**Your goal**
Restate every line of the data word for word, except for the images.

**Source information**
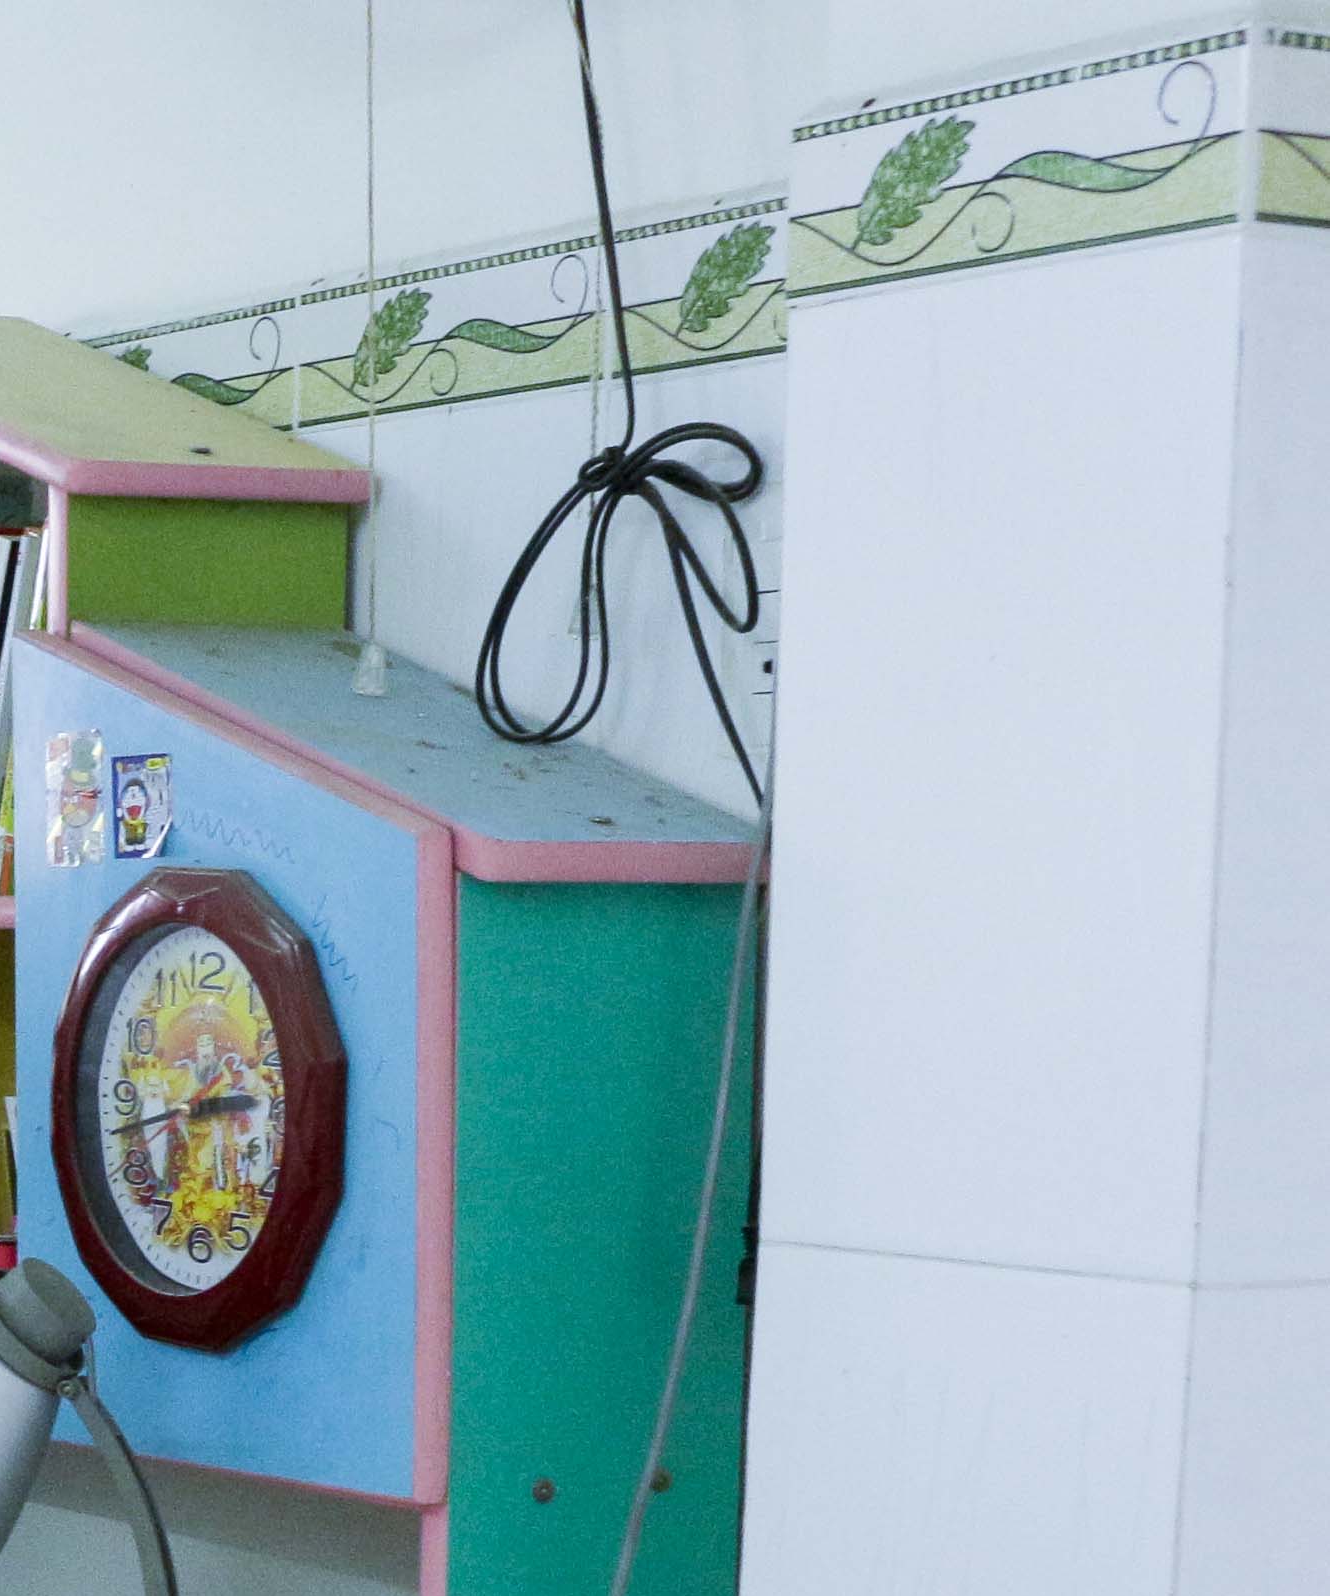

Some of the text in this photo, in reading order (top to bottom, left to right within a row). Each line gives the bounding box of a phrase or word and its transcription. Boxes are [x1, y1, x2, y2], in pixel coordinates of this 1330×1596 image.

[155, 967, 178, 1007] 11
[190, 951, 227, 991] 12
[246, 978, 255, 1015] 1
[127, 1017, 157, 1055] 10
[113, 1080, 137, 1116] 9
[123, 1148, 149, 1186] 8
[153, 1198, 173, 1236] 7
[227, 1212, 252, 1251] 5
[188, 1226, 214, 1264] 6
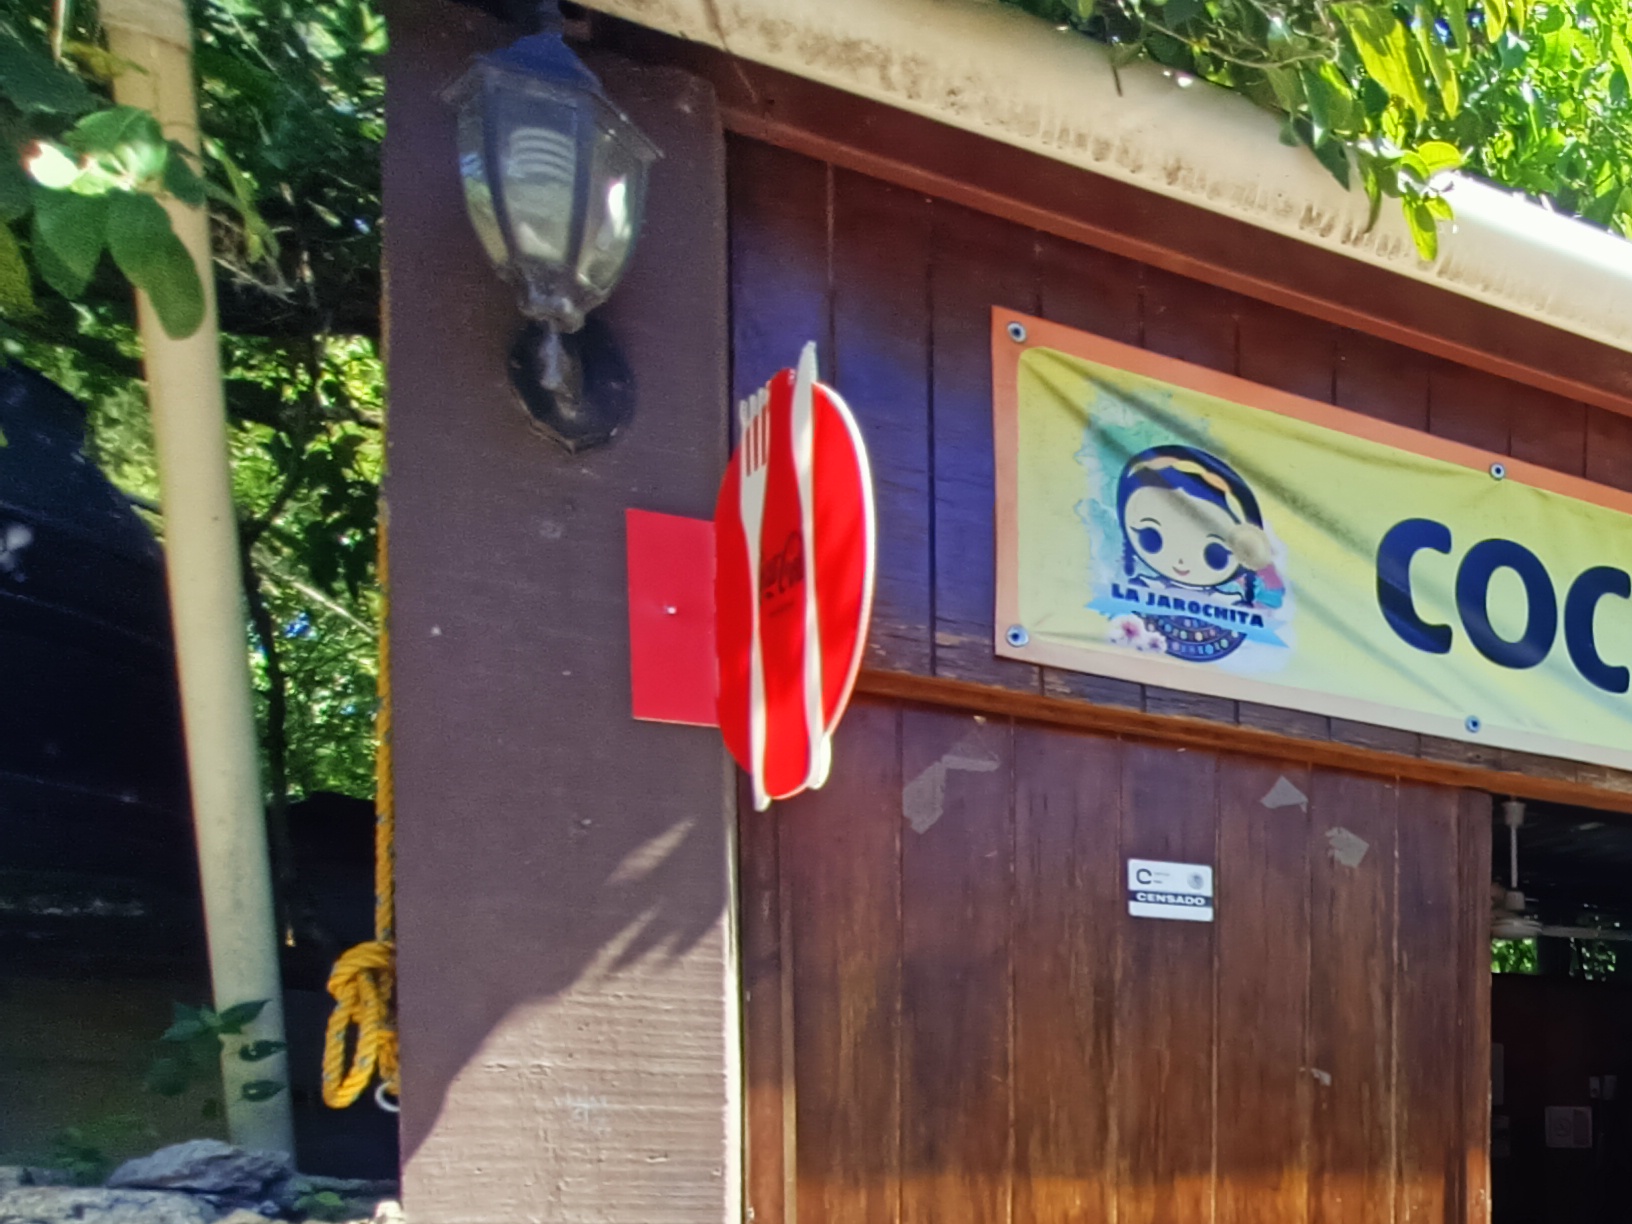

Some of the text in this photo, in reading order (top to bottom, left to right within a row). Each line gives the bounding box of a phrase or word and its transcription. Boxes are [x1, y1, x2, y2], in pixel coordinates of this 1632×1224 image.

[1112, 583, 1264, 628] LA JAROCHITA
[1136, 892, 1206, 906] CENSADO

**Response**
Some of the text in this photo, in reading order (top to bottom, left to right within a row). Each line gives the bounding box of a phrase or word and its transcription. Boxes are [x1, y1, x2, y2], in pixel coordinates of this 1330×1596 image.

[155, 967, 178, 1007] 11
[190, 951, 227, 991] 12
[246, 978, 255, 1015] 1
[127, 1017, 157, 1055] 10
[113, 1080, 137, 1116] 9
[123, 1148, 149, 1186] 8
[153, 1198, 173, 1236] 7
[227, 1212, 252, 1251] 5
[188, 1226, 214, 1264] 6

Some of the text in this photo, in reading order (top to bottom, left to right within a row). Each line gives the bounding box of a phrase or word and its transcription. Boxes are [x1, y1, x2, y2], in pixel coordinates of this 1632×1224 image.

[1112, 583, 1264, 628] LA JAROCHITA
[1136, 892, 1206, 906] CENSADO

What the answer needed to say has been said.